··· The records
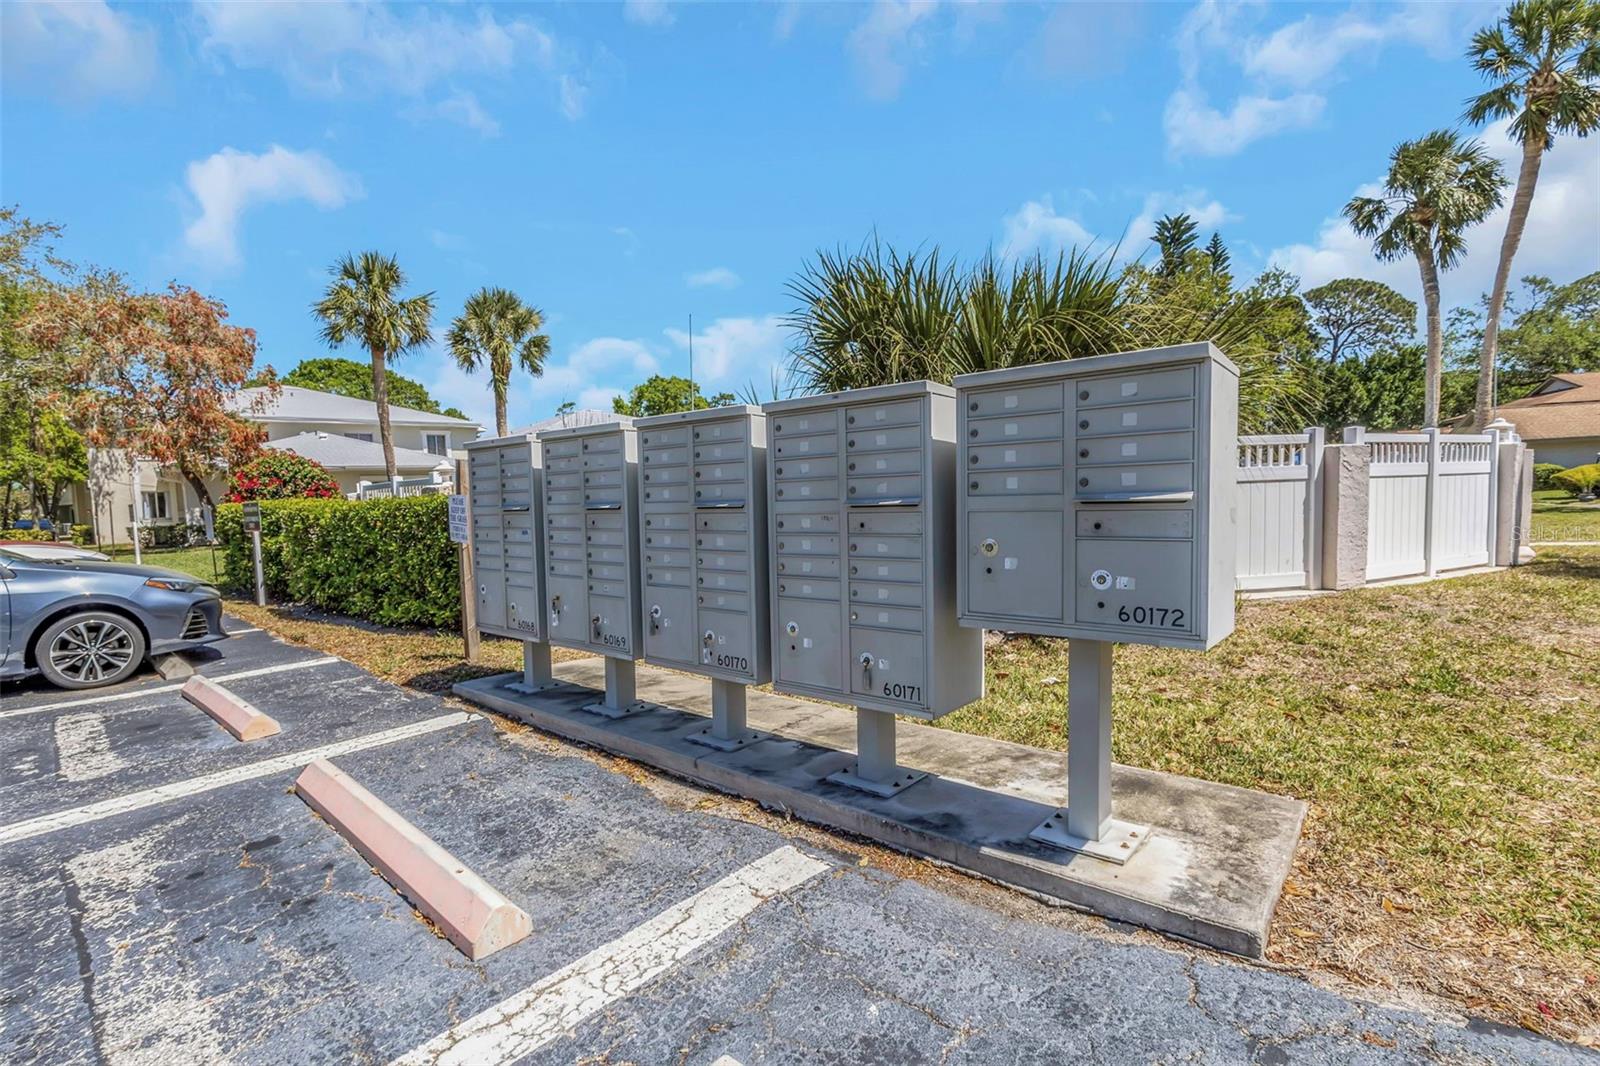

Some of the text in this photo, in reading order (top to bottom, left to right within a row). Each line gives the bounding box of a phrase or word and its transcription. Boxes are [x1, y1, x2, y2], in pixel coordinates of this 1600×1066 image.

[1119, 605, 1185, 628] 60172
[518, 621, 535, 632] 60168
[604, 634, 626, 647] 60169
[718, 654, 748, 670] 60170
[883, 682, 921, 702] 60171
······
Exercise aim: Please retype every record exactly, leaving the pictures out.

Response area:
Some of the text in this photo, in reading order (top to bottom, left to right within a row). Each line gives the bounding box of a phrase or word and its transcription. Boxes are [x1, y1, x2, y2], in pixel coordinates of this 1600×1066 image.

[1119, 605, 1185, 628] 60172
[518, 621, 535, 632] 60168
[604, 634, 626, 647] 60169
[718, 654, 748, 670] 60170
[883, 682, 921, 702] 60171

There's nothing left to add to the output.